Friday, August 27, 2010

Tribal Bible

Several years ago I watched a PBS documentary about the declining number of abortion clinics in the South. The filmmakers interviewed the clinic operators, who bemoaned the community pressure to close the clinics, and filmed (but didn’t interview, as I recall) the protestors outside one of the clinics.

As I watched, I realized how “tribal” personal philosophy often is---all the operators of the clinic were college-educated, sophisticated, well-spoken white women with whom I would have felt fairly comfortable at a social gathering---professional women like the ones I went to college with.

The women protesting outside looked the stereotype of a Deep South Christian fundamentalist—also white, with big hair, Southern drawls and lacking evident erudition (they were yelling things to the young, mostly black women entering the clinic, things like, “Can you hear your baby? She’s saying, Mommy, please don’t kill me!”).

It struck me that, in background, culture and education, I was much more like the clinic operators than the protesters. But in belief, ideology, and “world view”, I was becoming much more like the women outside the clinic, with whom I probably had very little in common culturally.

I was becoming an apostate of the elitist “tribe” that convinces itself that a female’s need for personal comfort and economic security is paramount--far more important than the life of a child, or a woman's own unrecognized need for a moral anchor in a modern sea of unprincipled relativity .

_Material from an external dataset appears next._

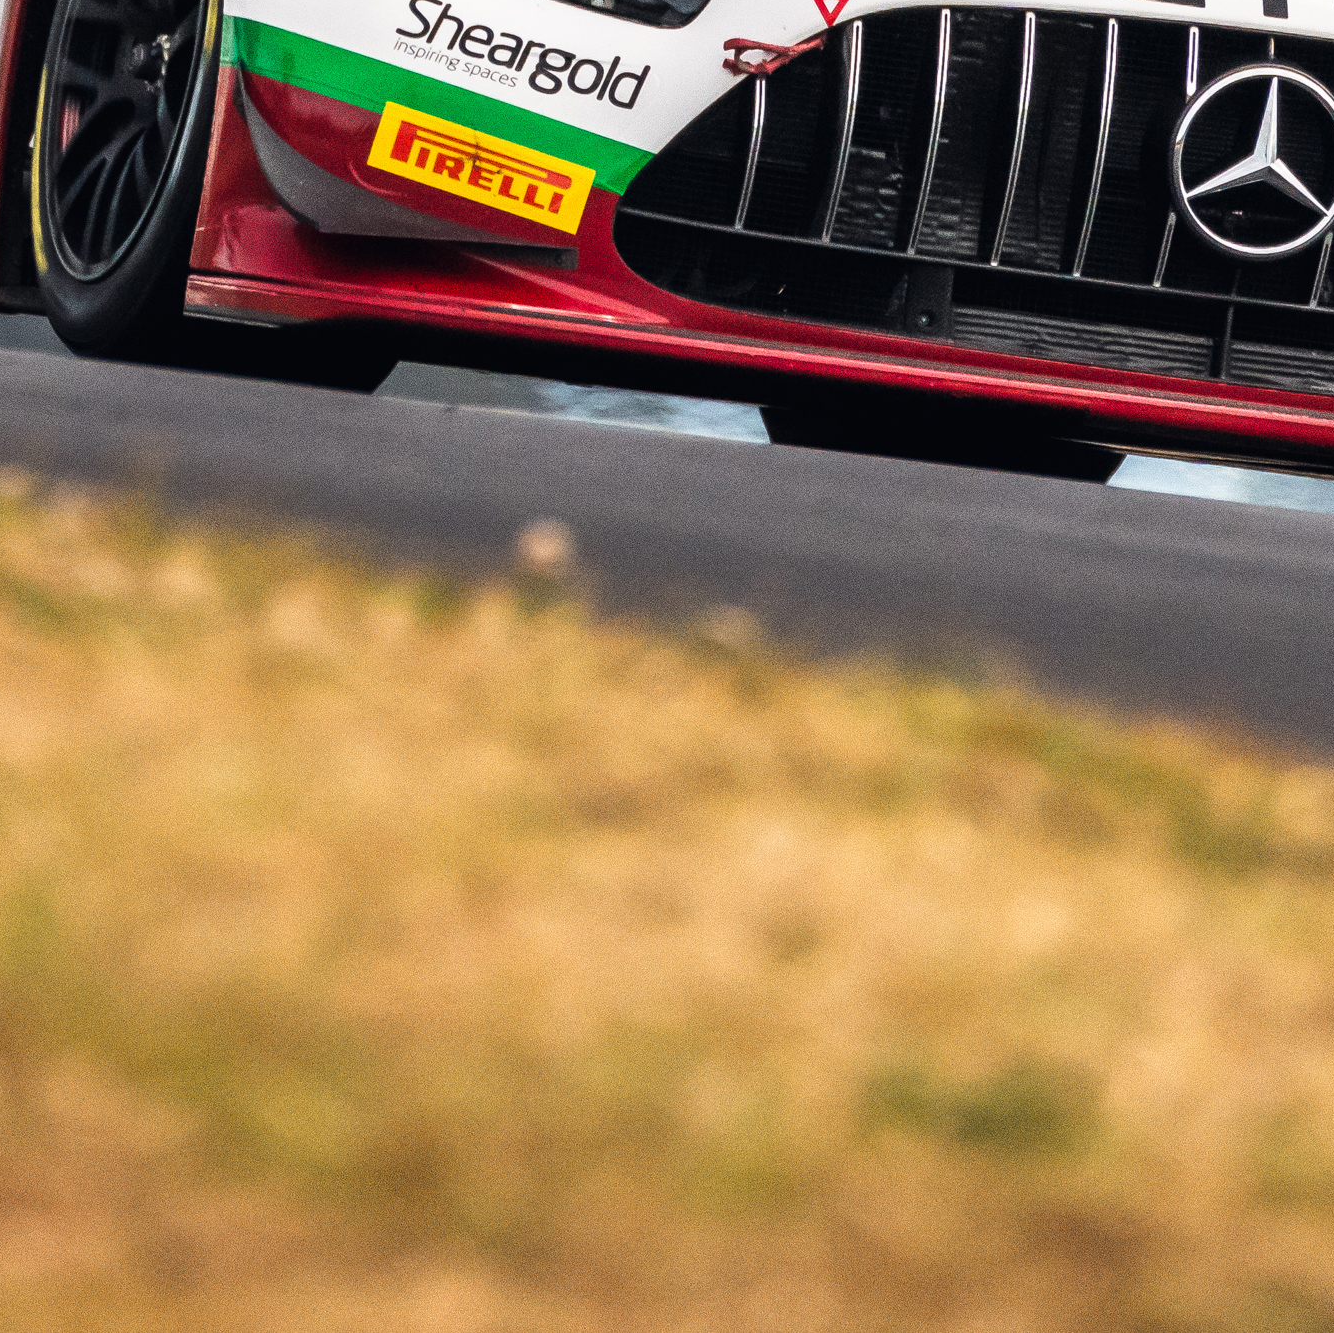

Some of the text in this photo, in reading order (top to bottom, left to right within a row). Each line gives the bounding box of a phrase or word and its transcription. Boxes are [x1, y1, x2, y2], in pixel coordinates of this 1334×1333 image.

To which tribe would you rather belong, the class-based one, or the ideologically-based one?

Perhaps none of us feel as though we belong to the former type: we’re certain that we've chosen to associate with people based on their ideas and world view, not their similar social class. And, since like backgrounds and experiences often generate comparable political beliefs, it’s not surprising when world view and social class coincide---just painful for those of us who lose friends when we challenge tribal ideology.  Is it equally painful for those who remain in the tribe?  Not painful enough, it seems to me, for extant members to examine and defend their beliefs to the apostate.

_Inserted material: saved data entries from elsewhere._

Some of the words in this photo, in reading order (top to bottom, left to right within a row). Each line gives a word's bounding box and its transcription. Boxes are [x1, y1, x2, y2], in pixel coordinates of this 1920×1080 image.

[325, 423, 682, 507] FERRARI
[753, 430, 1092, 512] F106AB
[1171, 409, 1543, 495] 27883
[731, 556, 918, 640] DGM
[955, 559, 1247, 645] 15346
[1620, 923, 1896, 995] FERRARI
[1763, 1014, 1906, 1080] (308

The usual response, in my experience, is strained politeness and topic avoidance---unpleasant, but petty compared to the risks undertaken by those who leave the tribe of Islam---a religion that dictates not only spiritual beliefs, but political, commercial and social actions as well.

God bless those brave souls trying to reform Islam from within--modern day Martin Luthers such as Dr. Zuhdi Jasser or Irshad Manji.  May their tribe increase!